START Records for this task
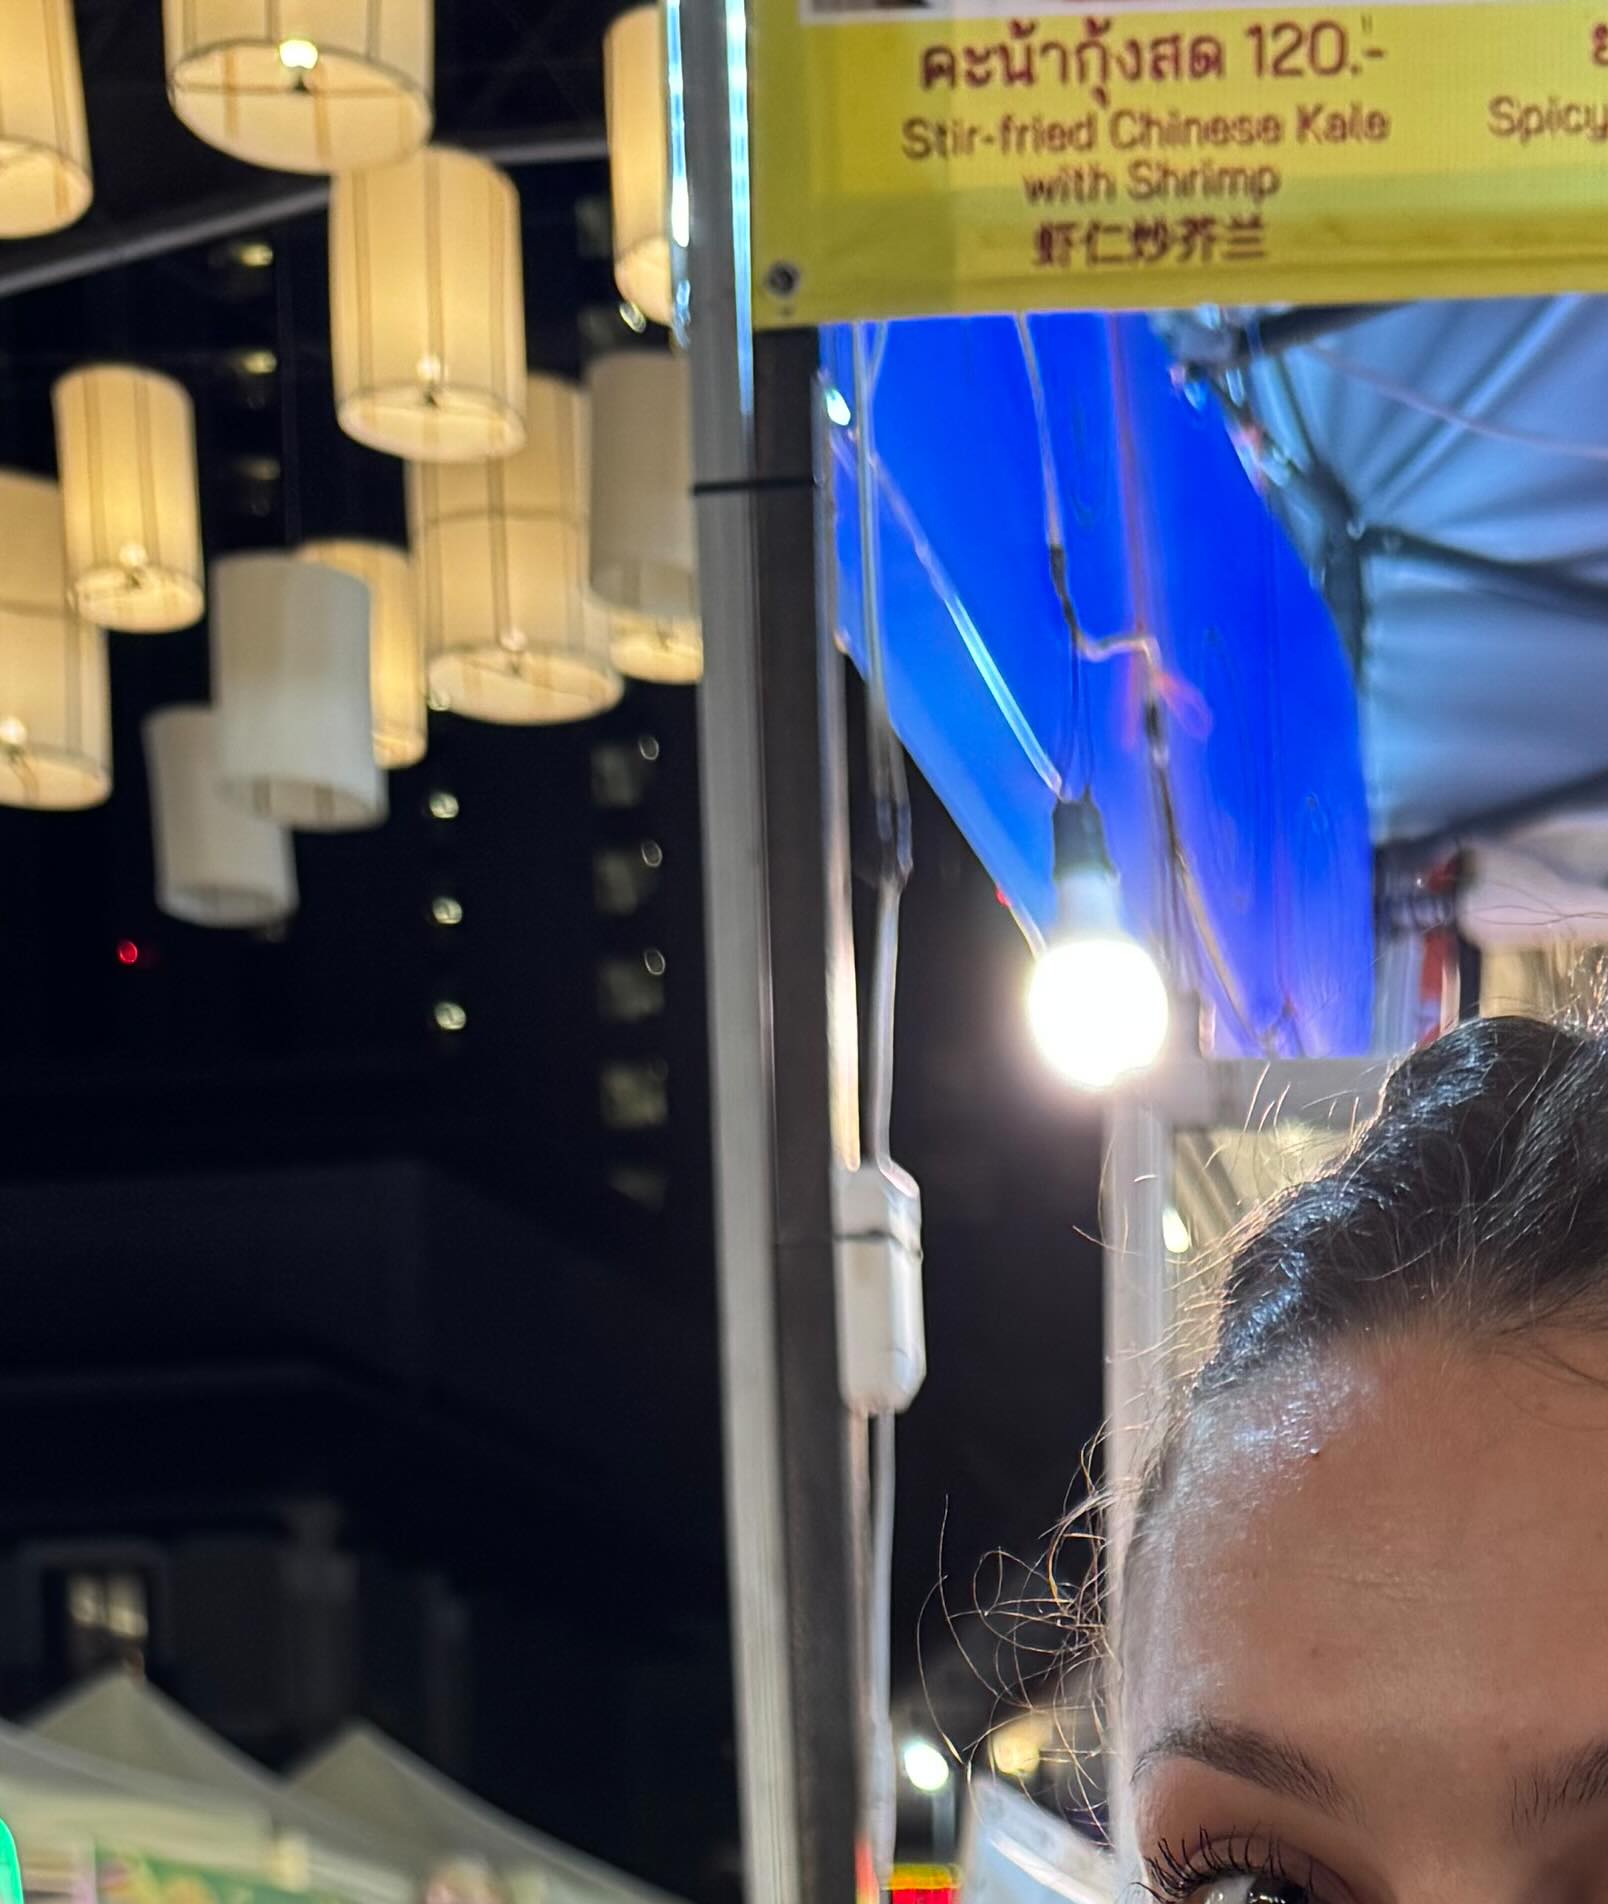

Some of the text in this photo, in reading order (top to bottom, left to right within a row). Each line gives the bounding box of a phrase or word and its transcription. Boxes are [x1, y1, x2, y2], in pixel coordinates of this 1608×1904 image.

[920, 17, 1226, 109] คะน้ากุ้งสด
[901, 103, 1391, 162] Stir-fried Chinese Kale
[1022, 160, 1281, 206] with Shrimp
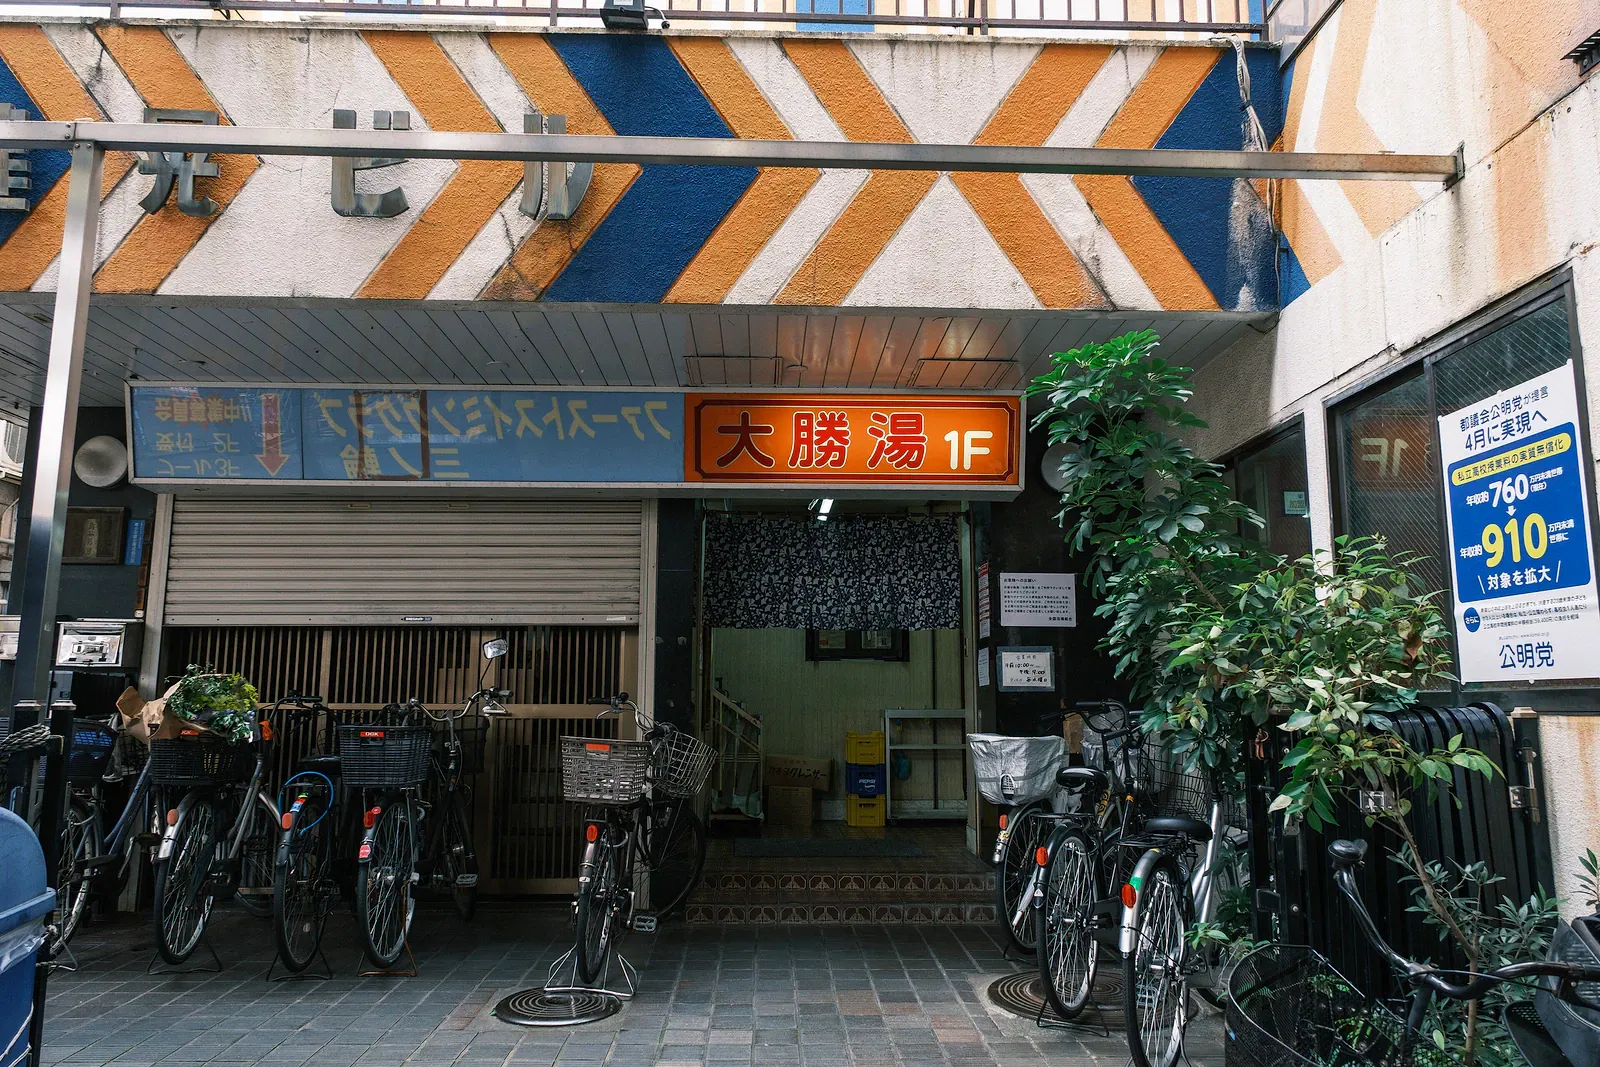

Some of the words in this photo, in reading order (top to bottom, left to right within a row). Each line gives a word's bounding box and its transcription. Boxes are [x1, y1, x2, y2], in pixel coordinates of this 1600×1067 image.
END Records for this task
### Aim of the task
Could you restate every record above word for word, dropping the pictures?

### Solution to the exercise
Some of the text in this photo, in reading order (top to bottom, left to right within a row). Each line gives the bounding box of a phrase or word and its transcription. Boxes are [x1, y1, x2, y2], in pixel coordinates of this 1608×1904 image.

[920, 17, 1226, 109] คะน้ากุ้งสด
[901, 103, 1391, 162] Stir-fried Chinese Kale
[1022, 160, 1281, 206] with Shrimp

Some of the words in this photo, in reading order (top to bottom, left to right within a row). Each line gives a word's bounding box and its transcription. Boxes are [x1, y1, x2, y2], in pixel coordinates of this 1600×1067 image.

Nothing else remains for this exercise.